### Task to carry out
Each entry should be transcribed exactly as written, and any picture left out.

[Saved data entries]
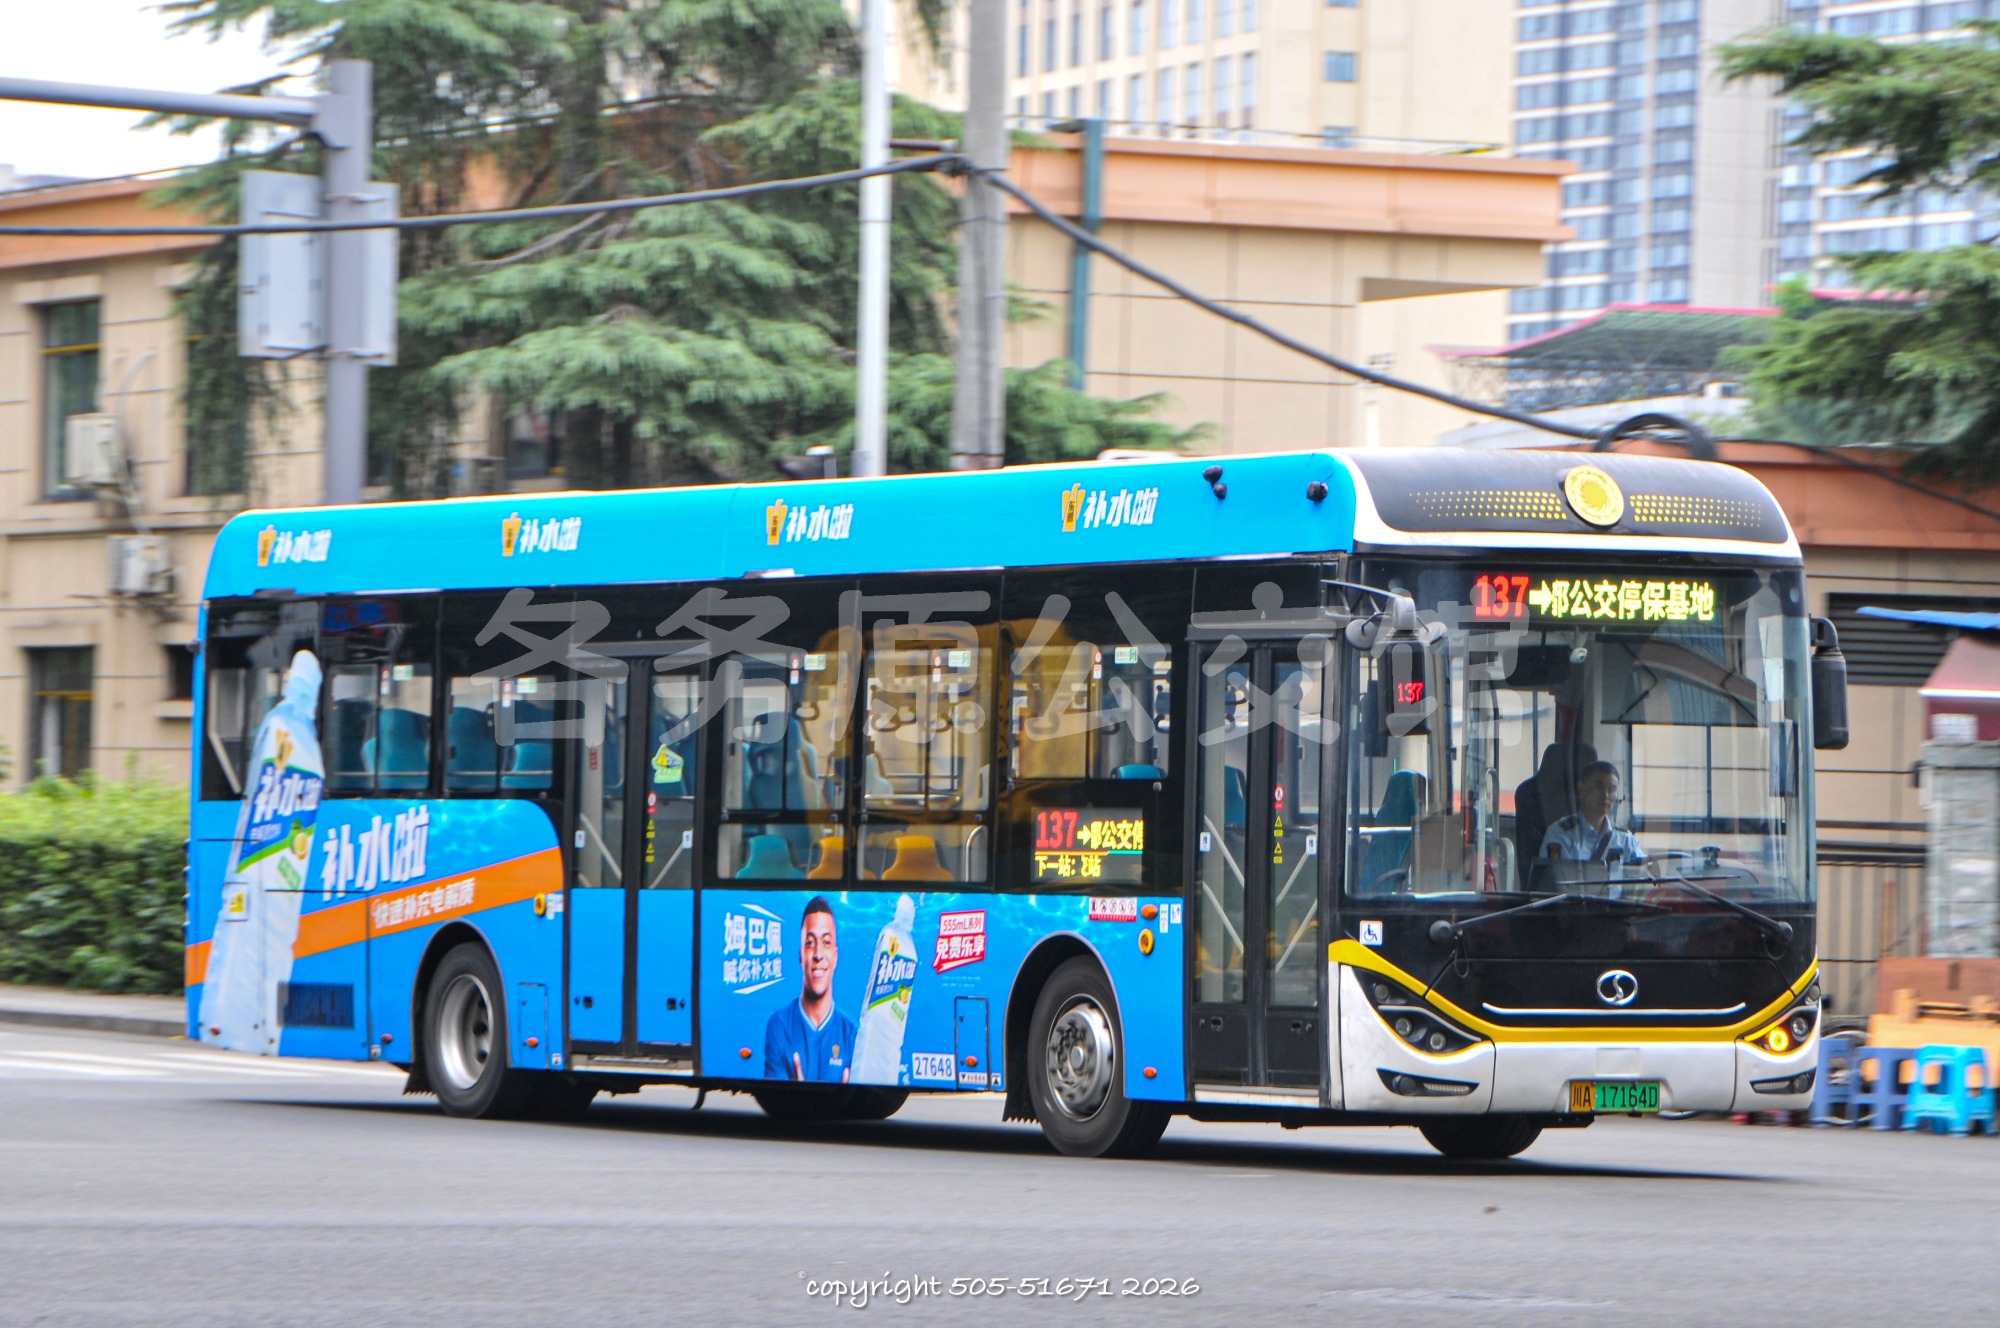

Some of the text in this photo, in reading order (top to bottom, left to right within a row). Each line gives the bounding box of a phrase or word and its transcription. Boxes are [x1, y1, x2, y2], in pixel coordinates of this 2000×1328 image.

[786, 503, 854, 543] 补水啦
[1083, 487, 1159, 529] 补水啦
[1474, 574, 1530, 618] 137
[1397, 681, 1425, 703] 137
[1035, 810, 1080, 849] 137
[320, 804, 430, 901] 补水啦
[723, 911, 783, 956] 姆巴佩
[942, 916, 983, 932] 555mL系列
[934, 934, 986, 967] 免费乐享
[878, 955, 917, 985] 补水啦
[914, 1056, 953, 1077] 27648
[1572, 1085, 1658, 1108] 川A 17164D

### Answer below
Some of the text in this photo, in reading order (top to bottom, left to right within a row). Each line gives the bounding box of a phrase or word and its transcription. Boxes are [x1, y1, x2, y2], in pixel coordinates of this 2000×1328 image.

[786, 503, 854, 543] 补水啦
[1083, 487, 1159, 529] 补水啦
[1474, 574, 1530, 618] 137
[1397, 681, 1425, 703] 137
[1035, 810, 1080, 849] 137
[320, 804, 430, 901] 补水啦
[723, 911, 783, 956] 姆巴佩
[942, 916, 983, 932] 555mL系列
[934, 934, 986, 967] 免费乐享
[878, 955, 917, 985] 补水啦
[914, 1056, 953, 1077] 27648
[1572, 1085, 1658, 1108] 川A 17164D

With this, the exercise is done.